*PROMPT:*
What is needed is a faithful copy of all the entries, with no pictures in it.
⁂
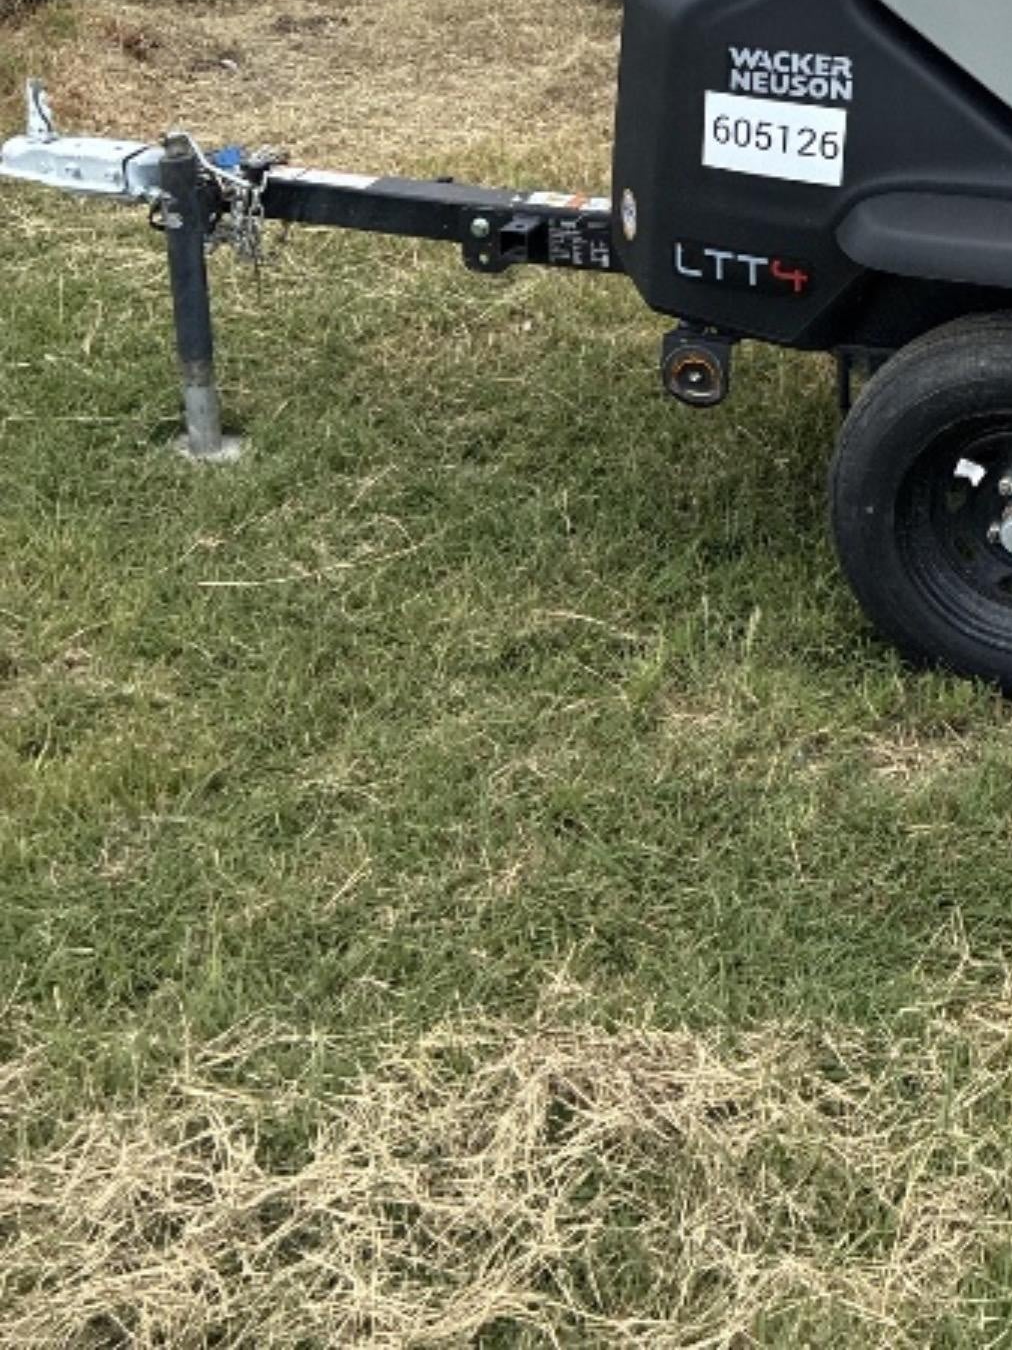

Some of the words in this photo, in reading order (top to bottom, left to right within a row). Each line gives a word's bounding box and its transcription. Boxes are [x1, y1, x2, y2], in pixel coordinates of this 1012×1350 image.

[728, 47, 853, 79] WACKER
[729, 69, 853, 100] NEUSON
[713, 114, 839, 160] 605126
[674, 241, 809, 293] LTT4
⁂
*RESPONSE TO THIS TASK:*
Some of the words in this photo, in reading order (top to bottom, left to right within a row). Each line gives a word's bounding box and its transcription. Boxes are [x1, y1, x2, y2], in pixel coordinates of this 1012×1350 image.

[728, 47, 853, 79] WACKER
[729, 69, 853, 100] NEUSON
[713, 114, 839, 160] 605126
[674, 241, 809, 293] LTT4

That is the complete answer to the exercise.